# Sore teeth during pregnancy



## Stoke93

Hey I'm 34 weeks pregnant and I've recently found that my gums and teeth have become quite sore. I've never had problems with my teeth at all so I was just wondering if anyone else has noticed sore teeth while being pregnant? Thanks


----------



## LarLar

Stoke93 said:


> Hey I'm 34 weeks pregnant and I've recently found that my gums and teeth have become quite sore. I've never had problems with my teeth at all so I was just wondering if anyone else has noticed sore teeth while being pregnant? Thanks

I'll be 13 weeks on friday and i've noticed my teeth have become alot more sensitive. Going to book a dentist appointment this week :flow:


----------



## SusannLynnn

Its fairly normal. I've had EXTREMELY sensitive teeth since becomming pregnant. There isnt much you can do about it except cope with it :(


----------



## Hannah :)

My teeth aren't sore but bleed so badly! 
Its pretty normal but I'd have a checkup with the dentist just in case :)

X


----------



## tinkerbelle93

Your teeth do deteriorate during pregnancy (I think it's something to do with the levels of calcium in your gums being compromised or something?) Go see your dentist, if you are in the UK then it's free for pregnant girlys. 

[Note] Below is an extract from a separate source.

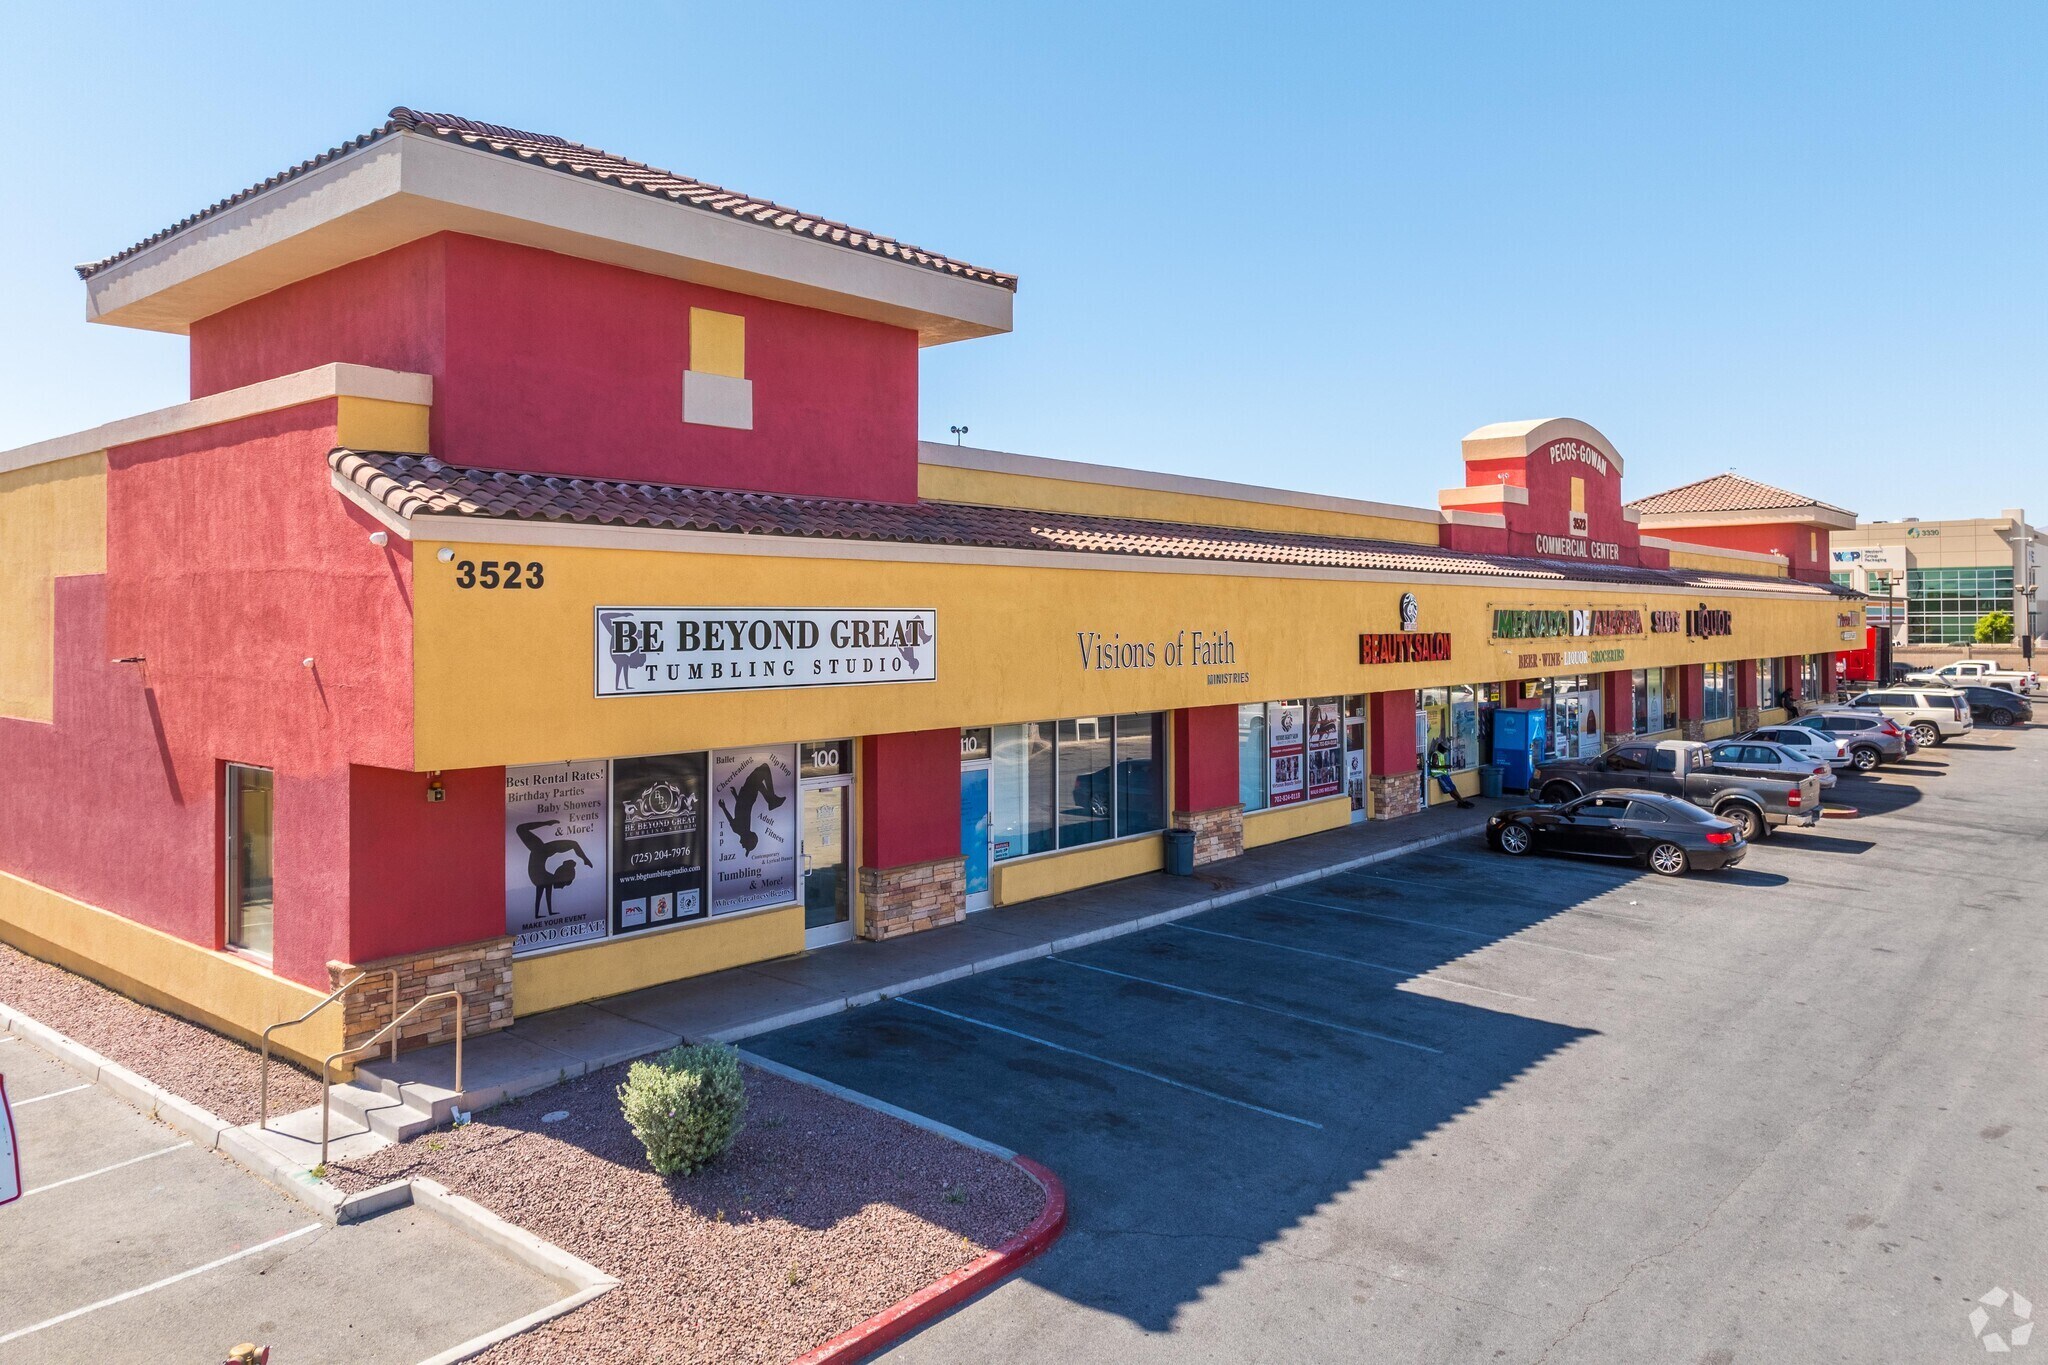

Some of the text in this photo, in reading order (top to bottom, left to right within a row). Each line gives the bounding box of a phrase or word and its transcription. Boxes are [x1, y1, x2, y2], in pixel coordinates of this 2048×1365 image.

Also, corsodil (sp?) mouthwash is really good for keeping teeth and gums in good condition and preventing gum disease (pregnancy can cause this) xx


----------



## fl00b

i've had exactly the same! i had mild gum disease before but whenever i eat now they bleed :( also my molars have become extremely sensitive!
i'd defo invest in a really good mouthwash to stop the bleeding, it's helped with mine :)


----------



## x__amour

This is very normal and why it's extremely crucial to make sure you're getting lots of calcium. Pregnancy drains the calcium from your teeth!


----------